RSV and your babies this Winter

Having had one very premature winter baby and expecting another winter baby, my mind has been taken over with the thought of illness running rampant through our house! We’ve all had the sniffles for the last week and the kids have both had the cough that usually comes along with sniffles. RSV is one illness no parent wants to hear as a diagnosis for their little one!

What is RSV Disease?
RSV is a virus that infects the lungs

RSV or respiratory syncytial [sin-sish-uhl] virus is a contagious viral disease that may infect a person’s lungs and breathing passages.
Most children will catch RSV by the age of 2 years.
RSV spreads rapidly among children. While most will recover in 1 to 2 weeks, even after recovery, infants and children can continue to spread the virus for 1 to 3 weeks.
Most people recover from the disease in a week or two, but in premature infants or those with lung or heart problems, severe RSV disease can lead to serious lung infection and hospitalization
RSV Season.

RSV is present year-round but typically goes up in the fall, then peaks in the winter and goes down in early spring. But, the exact timing of RSV season varies by location.

Help prevent RSV disease
You want to make sure you do everything you can to help protect your infant from RSV disease. RSV disease is spread just as easily as the flu. Sneezing, coughing, and touching are all examples of ways RSV can put your infant at risk. Taking a few extra precautions around your family and friends can help protect your baby.
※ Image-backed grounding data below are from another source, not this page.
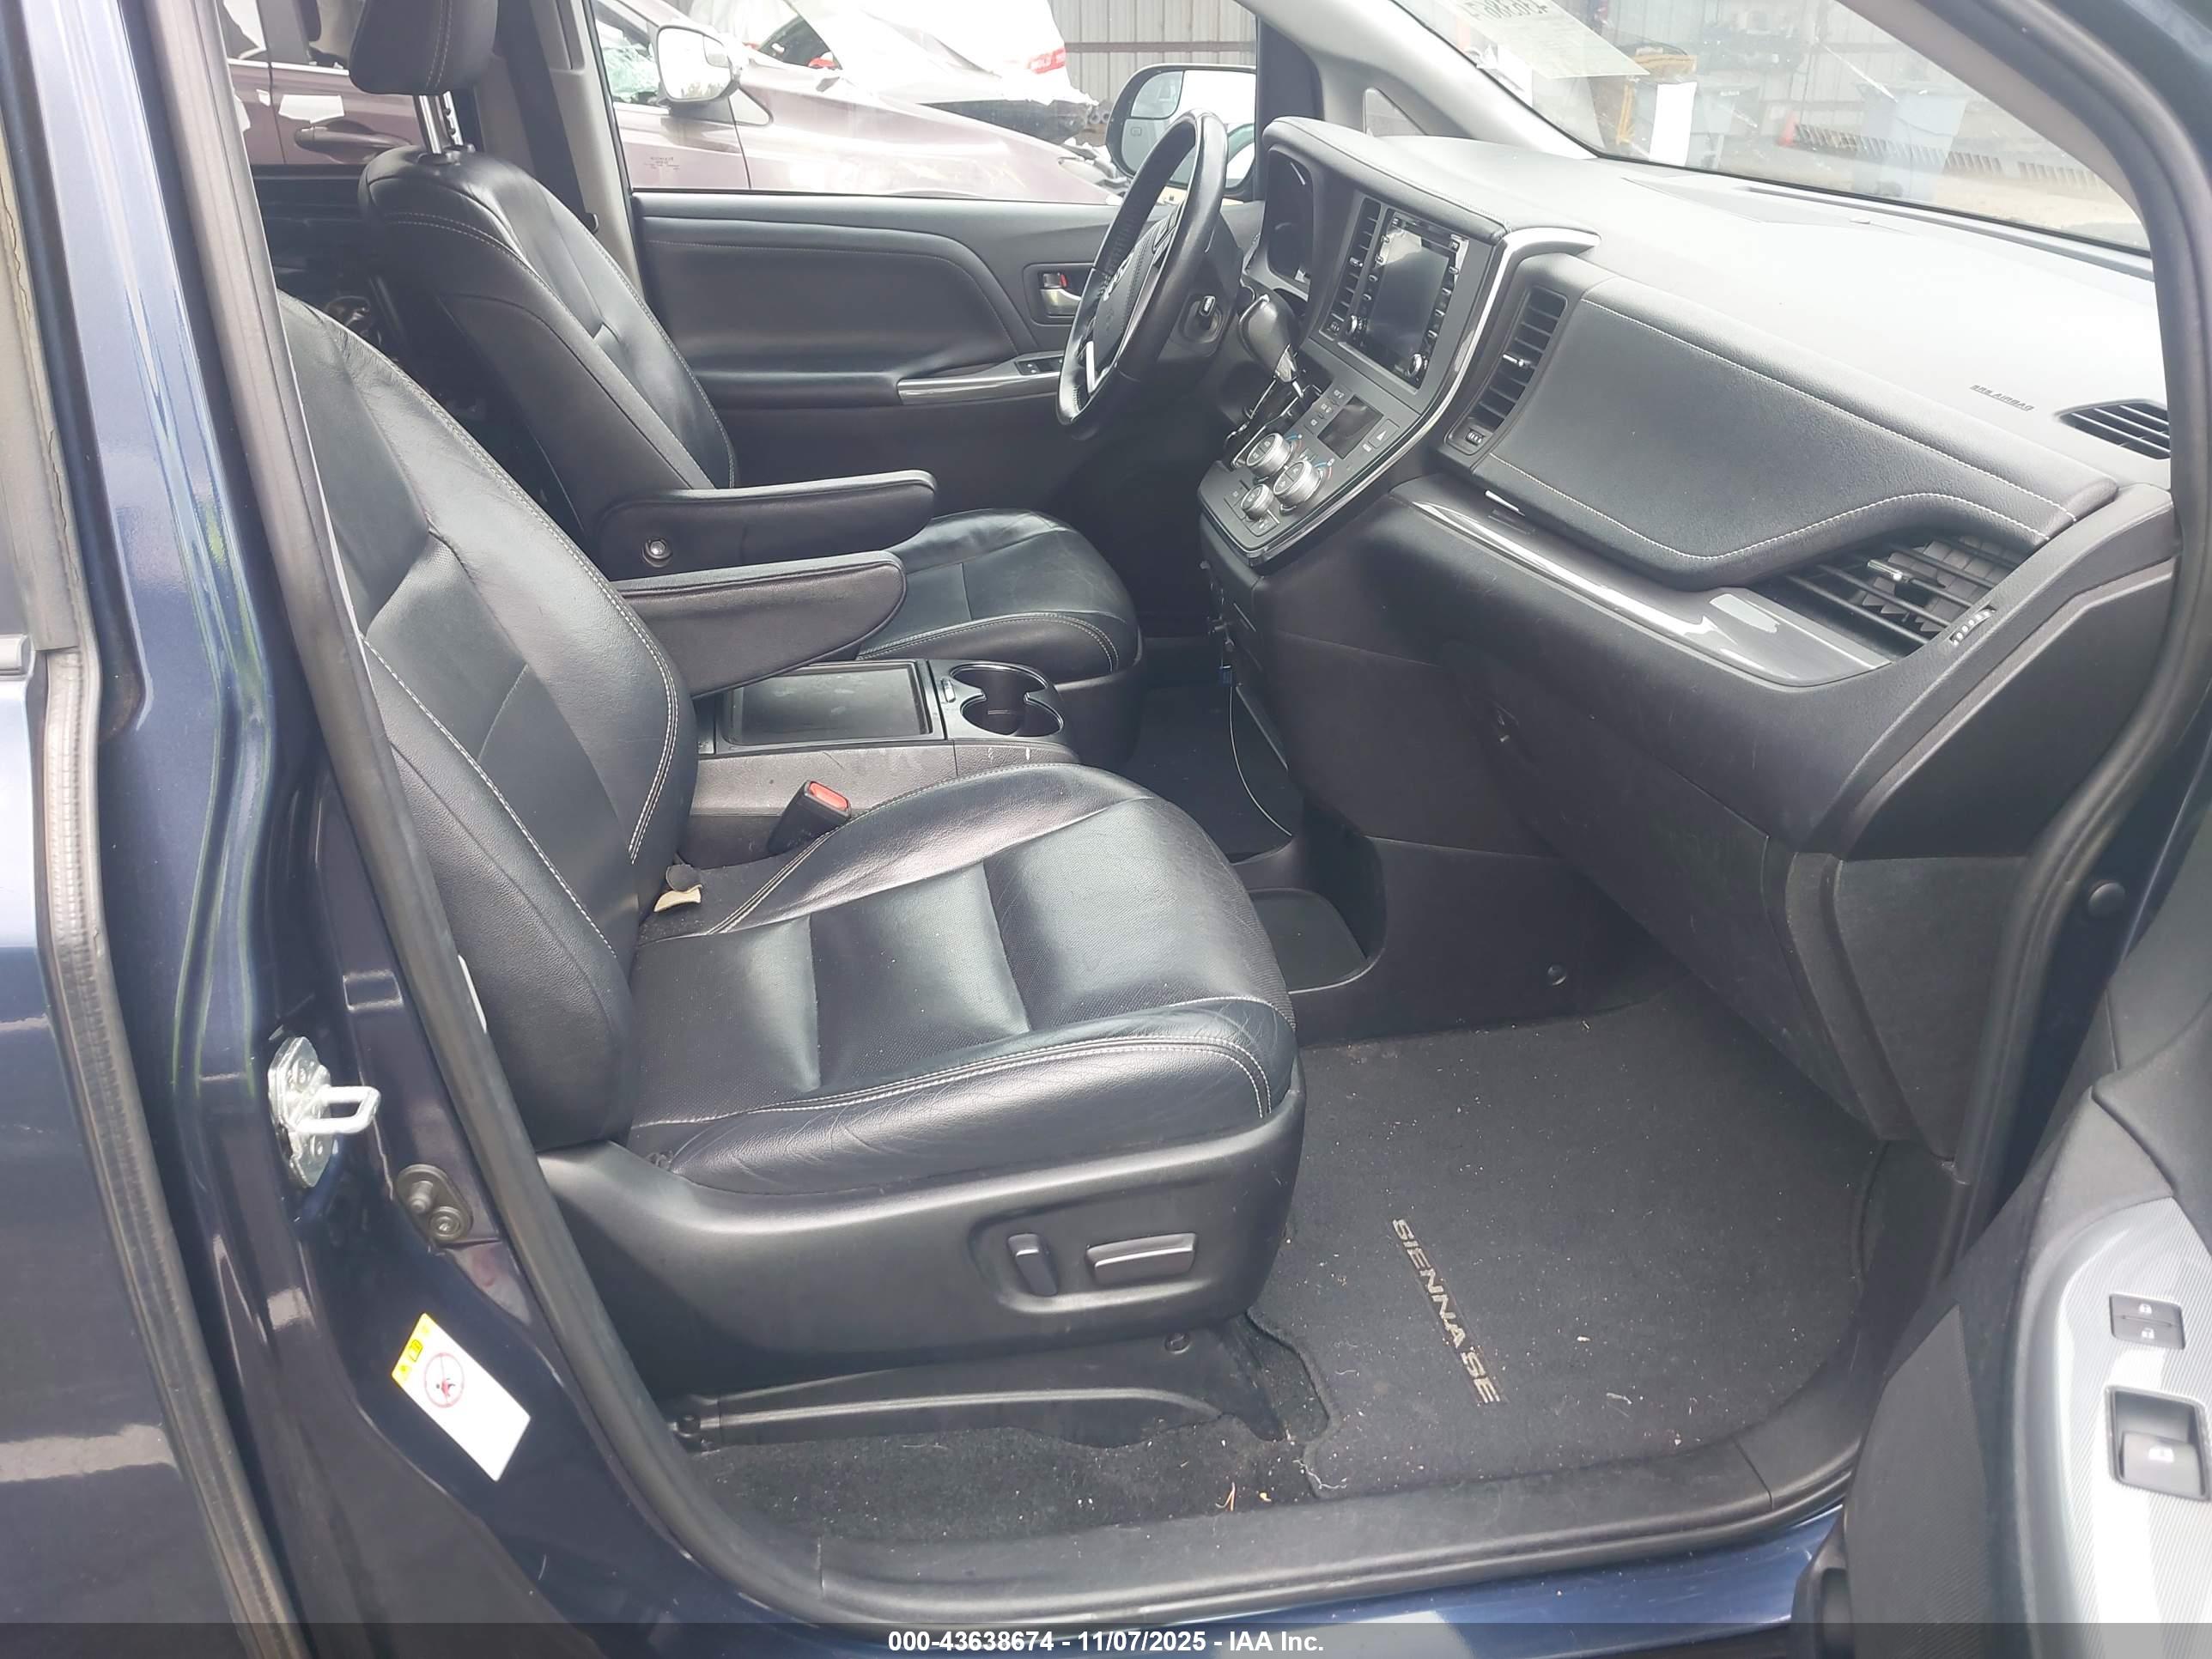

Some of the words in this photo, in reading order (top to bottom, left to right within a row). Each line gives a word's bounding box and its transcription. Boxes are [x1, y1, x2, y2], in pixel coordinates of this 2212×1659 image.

[1993, 392, 2034, 411] AIRBAG
[1392, 1218, 1465, 1349] SIENNA
[1461, 1351, 1500, 1403] SE
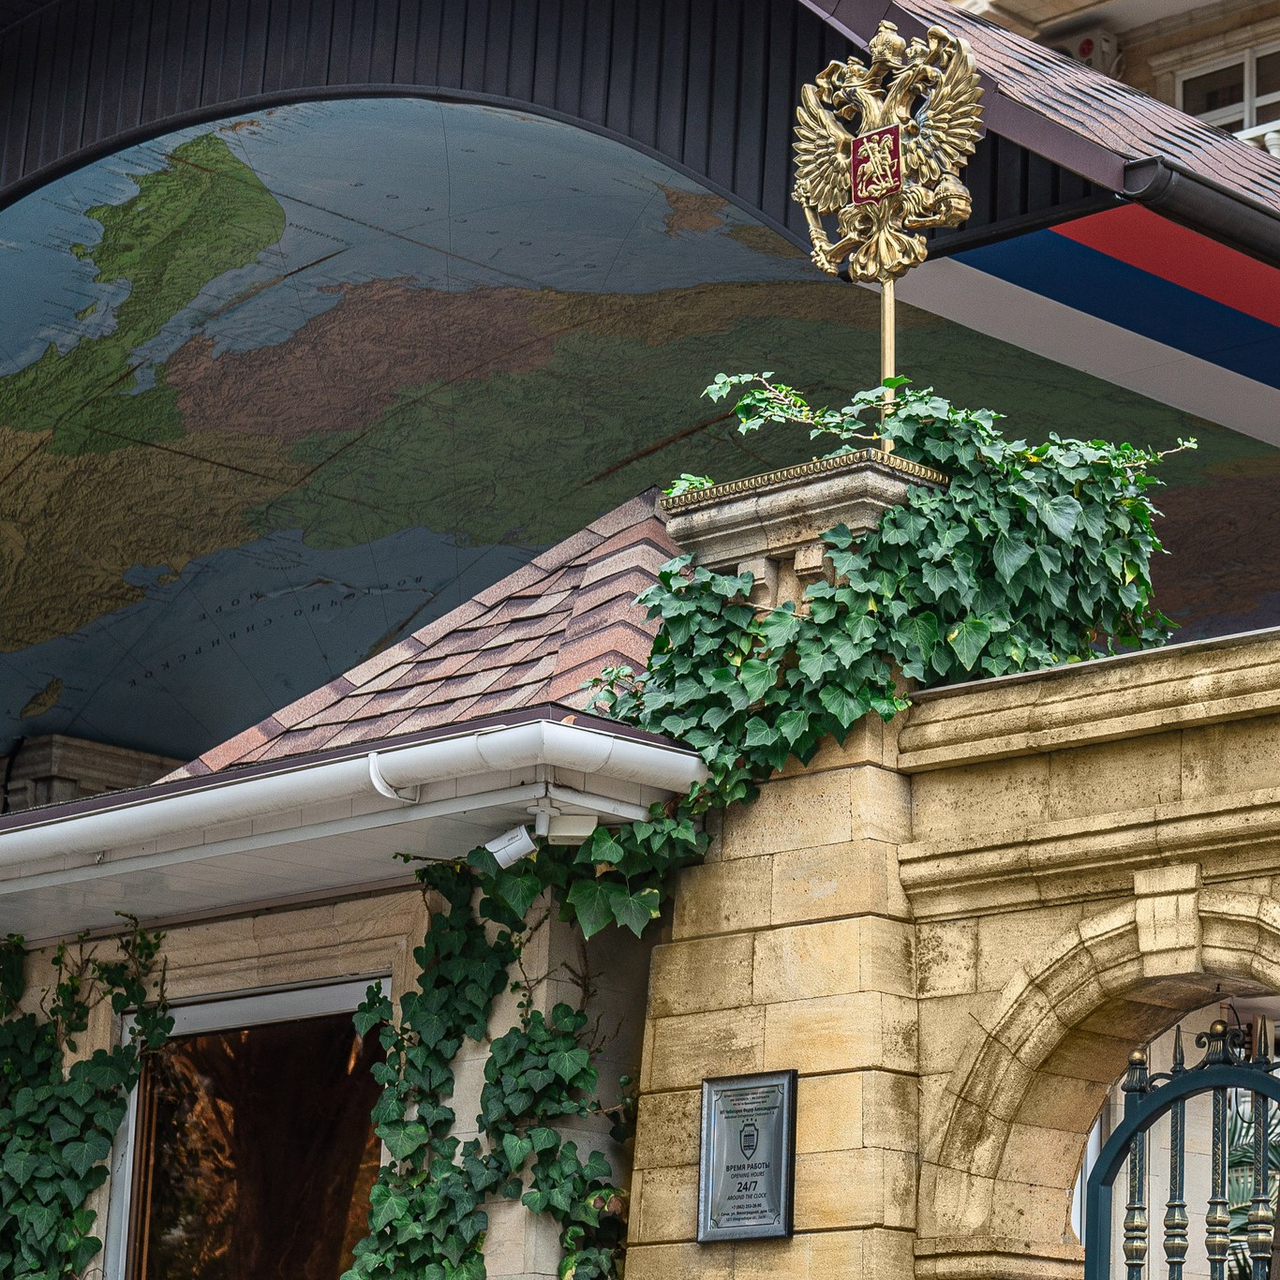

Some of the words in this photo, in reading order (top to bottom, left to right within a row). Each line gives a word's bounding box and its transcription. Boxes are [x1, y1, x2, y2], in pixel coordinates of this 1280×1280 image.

[726, 1164, 745, 1172] ВРЕМЯ
[746, 1162, 770, 1170] РАБОТЫ
[737, 1180, 758, 1192] 24/7
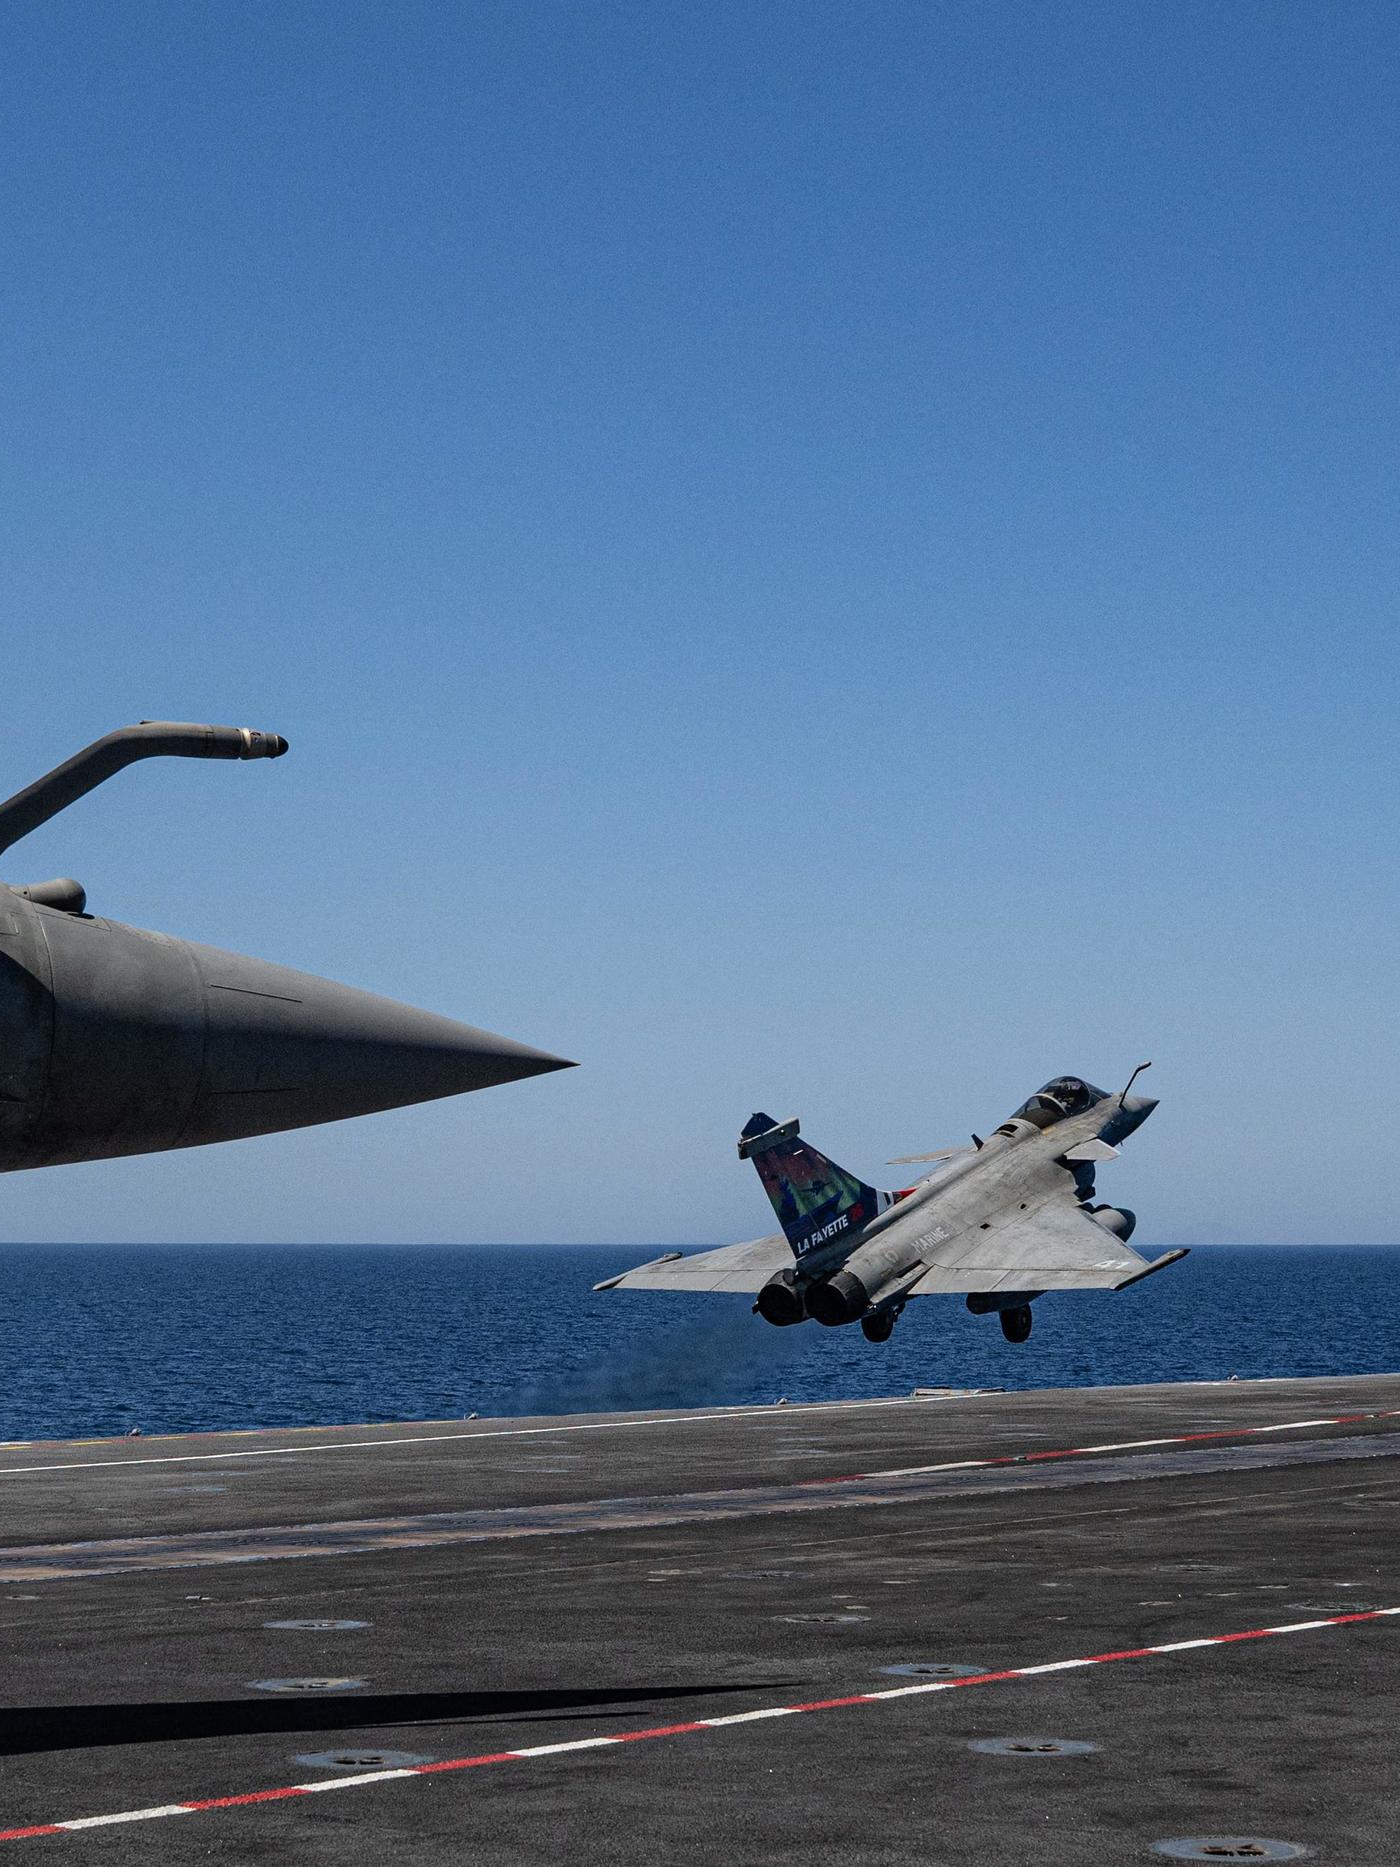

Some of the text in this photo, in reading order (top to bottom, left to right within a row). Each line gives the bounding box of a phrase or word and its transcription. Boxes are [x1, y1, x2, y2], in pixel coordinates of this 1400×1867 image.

[797, 1214, 849, 1254] LA FAYETTE
[911, 1226, 950, 1254] MARINE
Wash your hands thoroughly before touching your baby, and ask others to do the same
Don’t let anyone smoke in your home, or near your baby
Wash your baby’s toys, clothes, and bedding often
Keep your baby away from:
— Crowds and young children
— People with colds

Remember, although there is no cure for RSV disease, there are prevention methods. Talk to your doctor to see how you can help protect your baby.